Your assignment: Go through the data below and copy it exactly, skipping every picture.

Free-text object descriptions
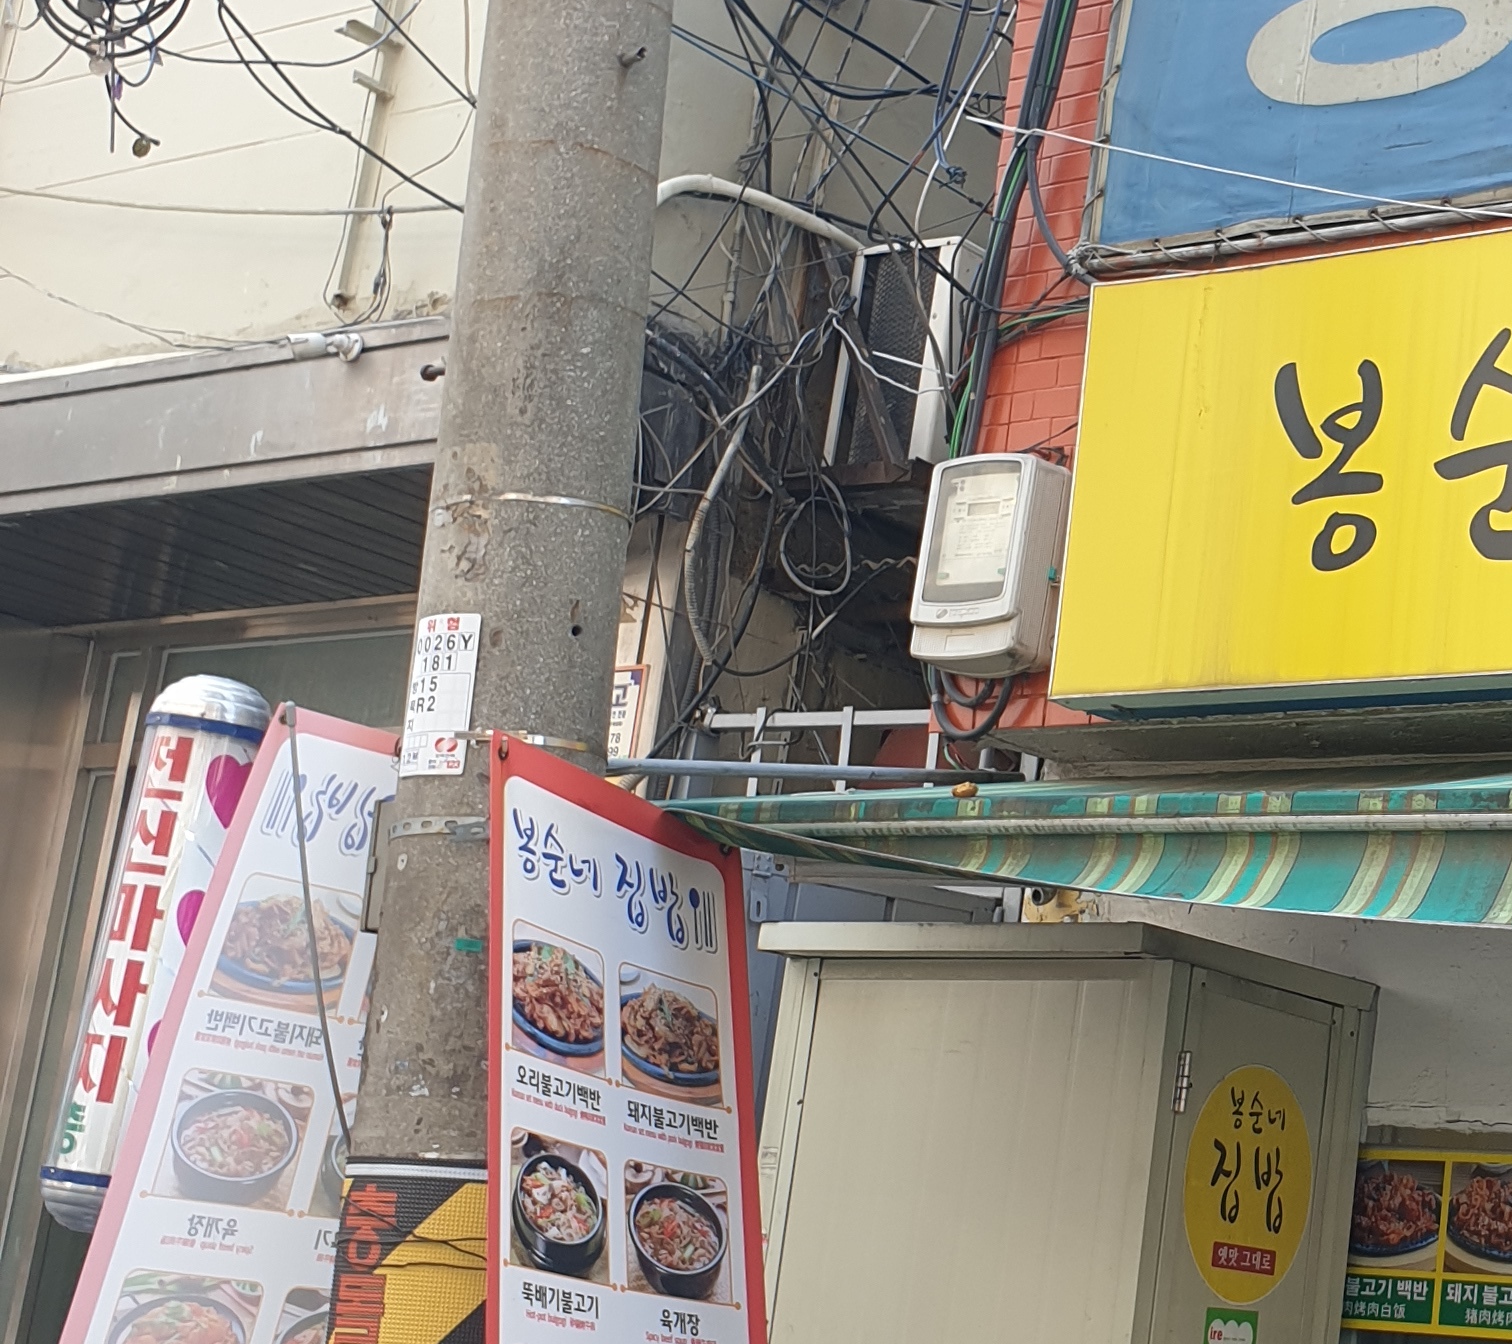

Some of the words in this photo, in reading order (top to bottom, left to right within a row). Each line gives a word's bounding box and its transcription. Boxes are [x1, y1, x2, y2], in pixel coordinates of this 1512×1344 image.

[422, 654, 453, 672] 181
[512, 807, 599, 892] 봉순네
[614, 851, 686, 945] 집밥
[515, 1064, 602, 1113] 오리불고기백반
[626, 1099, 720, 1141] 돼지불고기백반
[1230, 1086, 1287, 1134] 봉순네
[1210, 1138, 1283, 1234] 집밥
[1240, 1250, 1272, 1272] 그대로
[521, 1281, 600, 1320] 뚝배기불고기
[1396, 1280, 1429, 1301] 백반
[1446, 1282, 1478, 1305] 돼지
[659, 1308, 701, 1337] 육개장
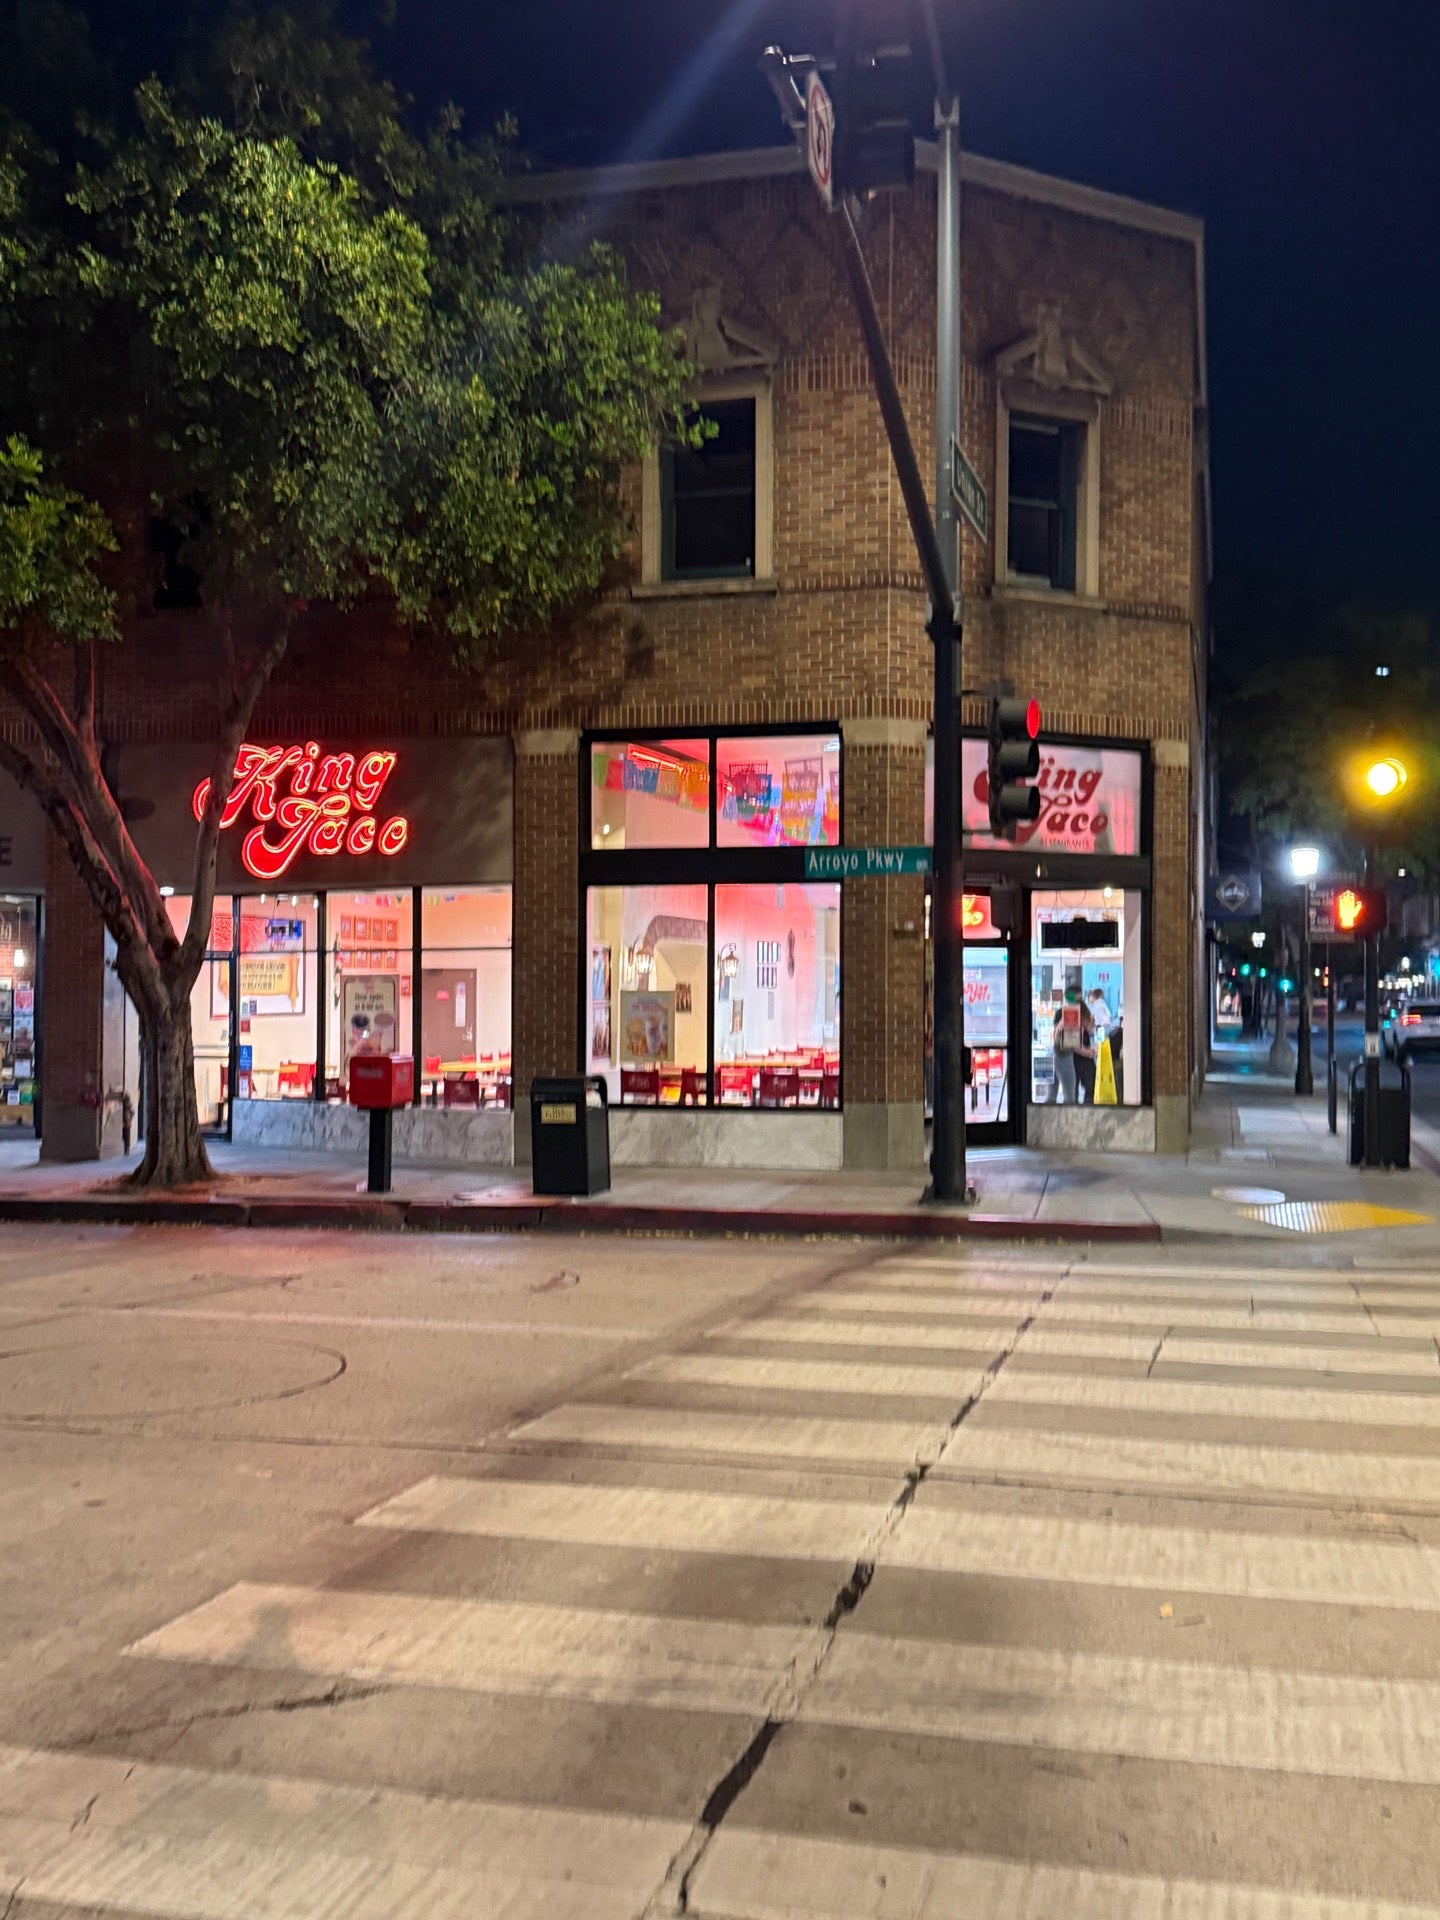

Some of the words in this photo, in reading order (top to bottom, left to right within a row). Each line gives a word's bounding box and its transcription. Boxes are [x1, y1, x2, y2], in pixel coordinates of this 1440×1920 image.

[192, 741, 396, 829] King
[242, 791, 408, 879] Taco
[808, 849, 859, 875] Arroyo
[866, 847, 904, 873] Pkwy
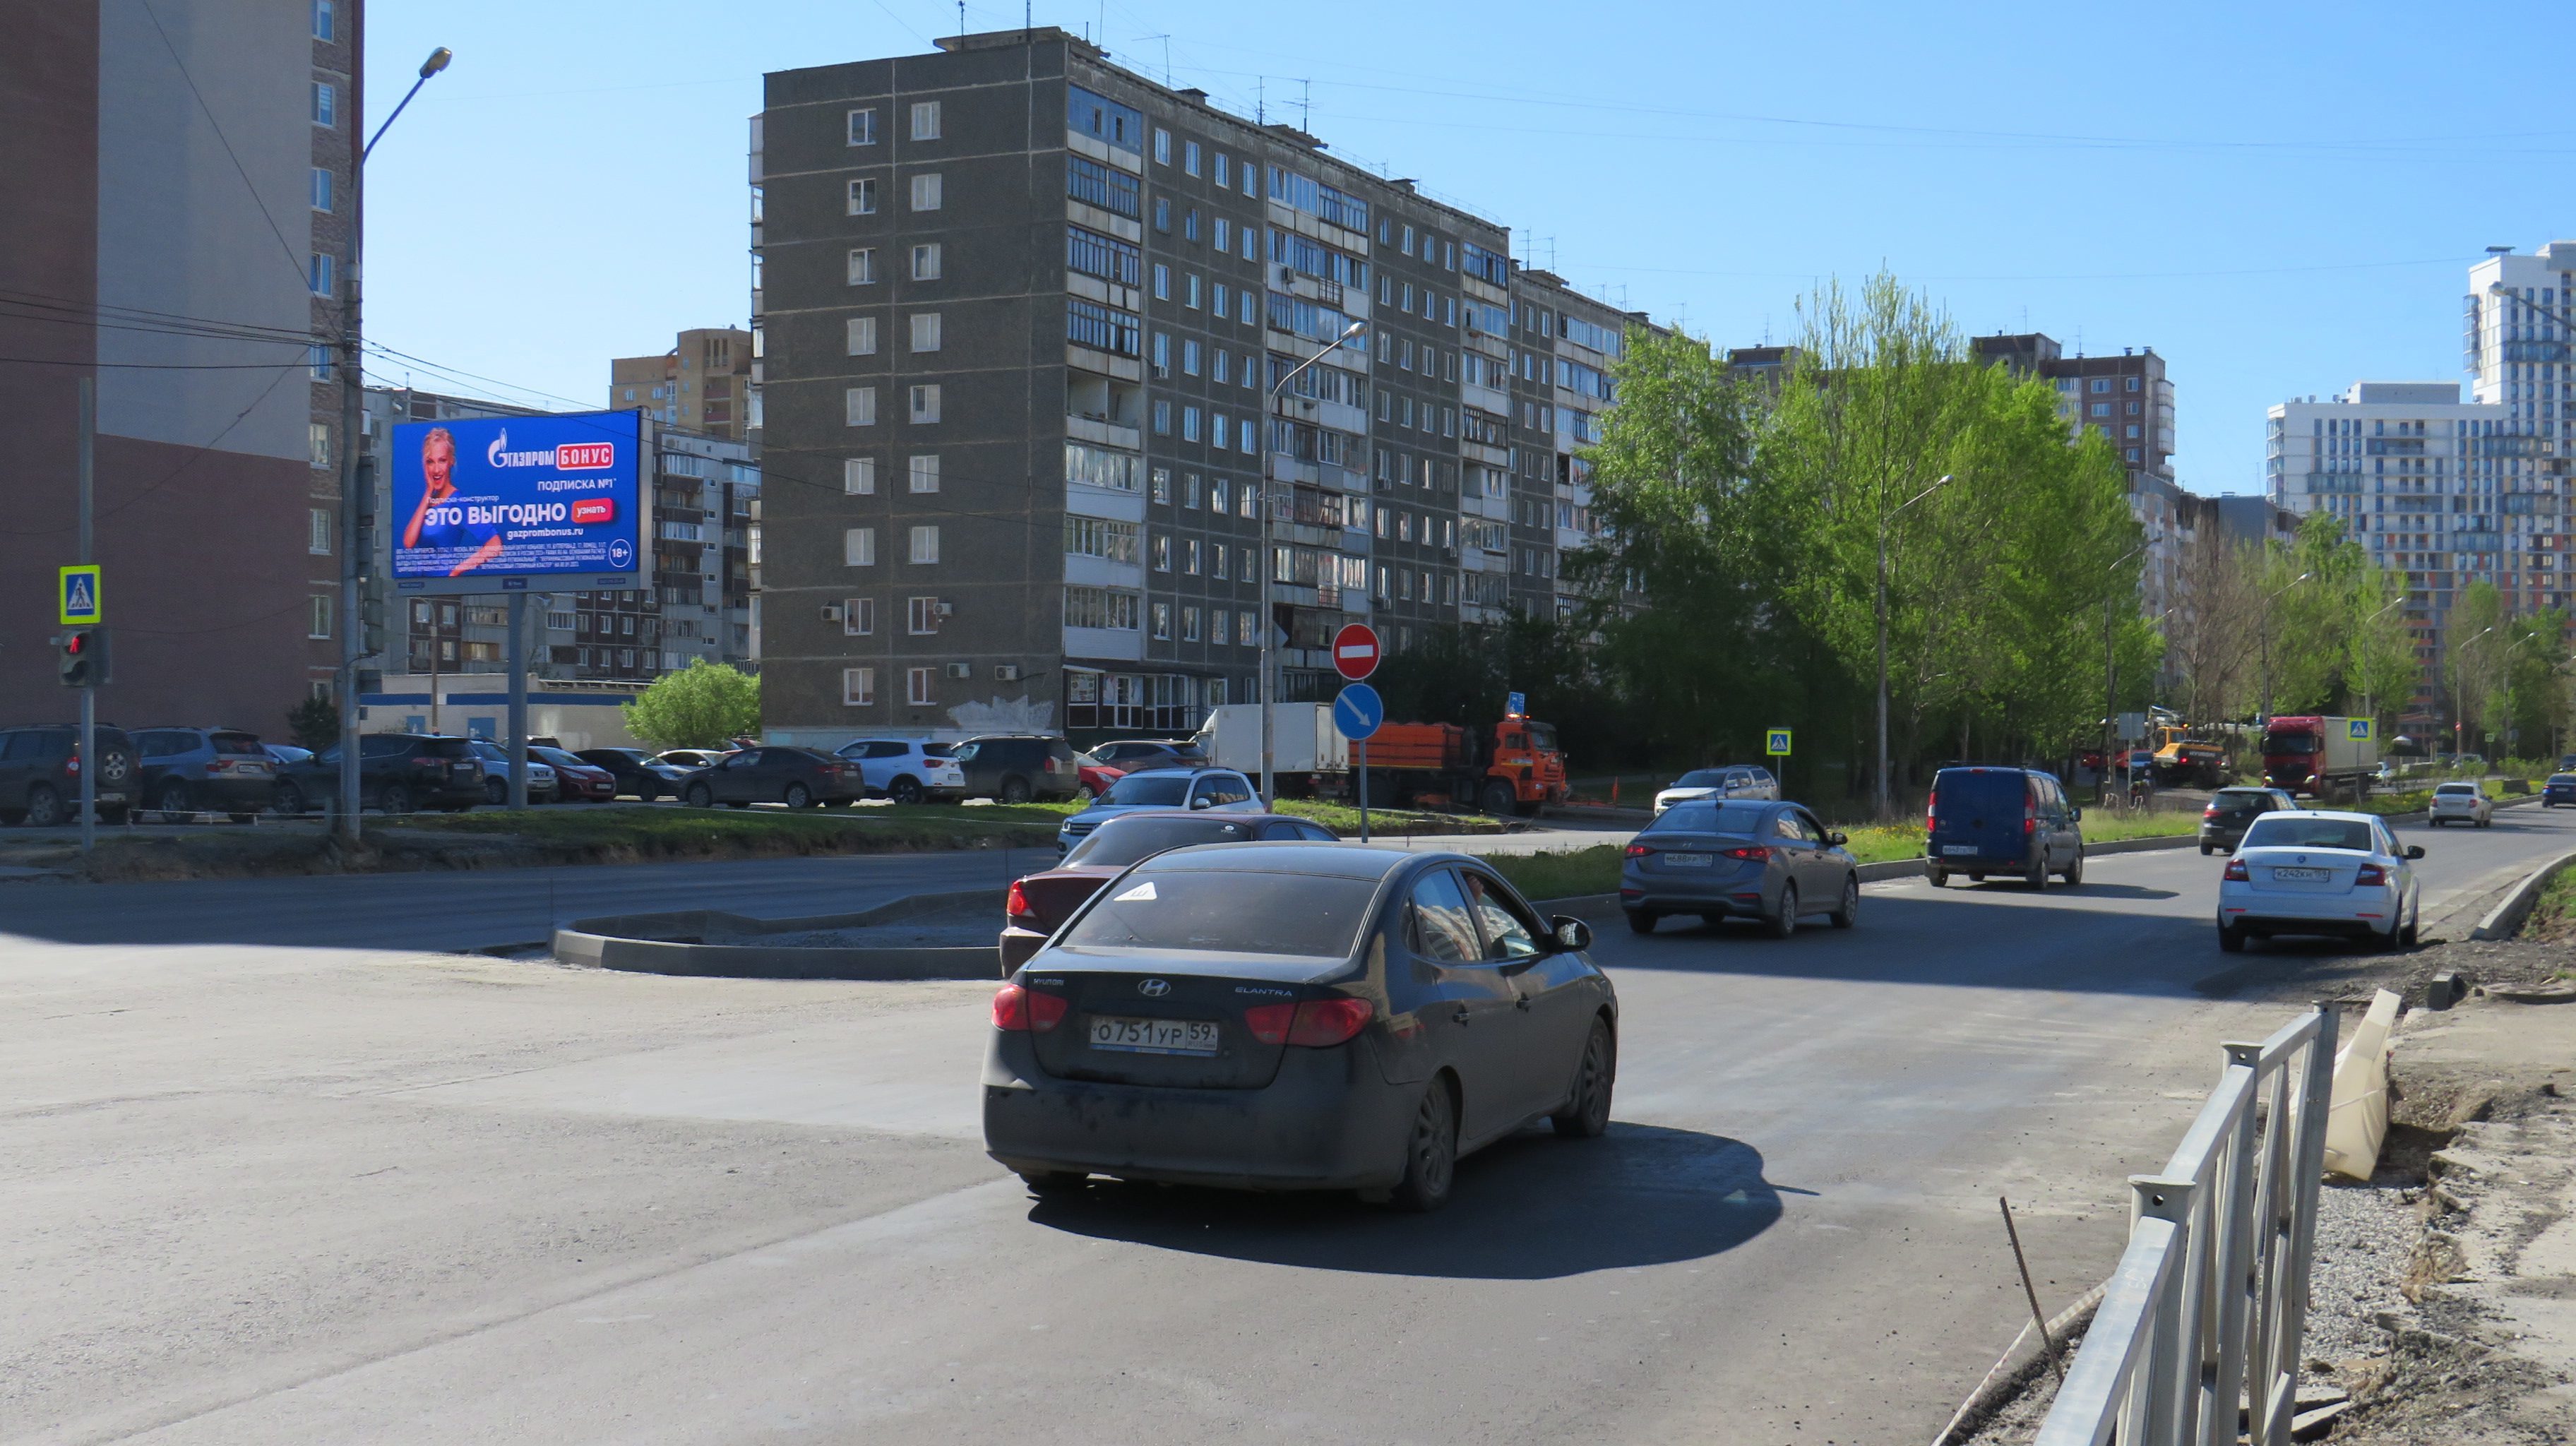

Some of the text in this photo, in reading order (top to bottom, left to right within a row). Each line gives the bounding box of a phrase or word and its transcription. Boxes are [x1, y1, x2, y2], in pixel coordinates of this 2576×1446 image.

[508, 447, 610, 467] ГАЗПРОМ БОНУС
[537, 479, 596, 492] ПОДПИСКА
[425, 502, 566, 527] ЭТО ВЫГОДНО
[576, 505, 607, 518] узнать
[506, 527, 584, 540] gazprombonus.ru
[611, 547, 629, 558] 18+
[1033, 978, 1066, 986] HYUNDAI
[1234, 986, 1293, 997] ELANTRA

Answer box:
Some of the words in this photo, in reading order (top to bottom, left to right within a row). Each line gives a word's bounding box and its transcription. Boxes are [x1, y1, x2, y2], in pixel coordinates of this 1512×1344 image.

[422, 654, 453, 672] 181
[512, 807, 599, 892] 봉순네
[614, 851, 686, 945] 집밥
[515, 1064, 602, 1113] 오리불고기백반
[626, 1099, 720, 1141] 돼지불고기백반
[1230, 1086, 1287, 1134] 봉순네
[1210, 1138, 1283, 1234] 집밥
[1240, 1250, 1272, 1272] 그대로
[521, 1281, 600, 1320] 뚝배기불고기
[1396, 1280, 1429, 1301] 백반
[1446, 1282, 1478, 1305] 돼지
[659, 1308, 701, 1337] 육개장

Some of the words in this photo, in reading order (top to bottom, left to right within a row). Each line gives a word's bounding box and its transcription. Boxes are [x1, y1, x2, y2], in pixel coordinates of this 1440×1920 image.

[192, 741, 396, 829] King
[242, 791, 408, 879] Taco
[808, 849, 859, 875] Arroyo
[866, 847, 904, 873] Pkwy

Some of the text in this photo, in reading order (top to bottom, left to right within a row). Each line gives the bounding box of a phrase or word and its transcription. Boxes are [x1, y1, x2, y2], in pixel coordinates of this 2576×1446 image.

[508, 447, 610, 467] ГАЗПРОМ БОНУС
[537, 479, 596, 492] ПОДПИСКА
[425, 502, 566, 527] ЭТО ВЫГОДНО
[576, 505, 607, 518] узнать
[506, 527, 584, 540] gazprombonus.ru
[611, 547, 629, 558] 18+
[1033, 978, 1066, 986] HYUNDAI
[1234, 986, 1293, 997] ELANTRA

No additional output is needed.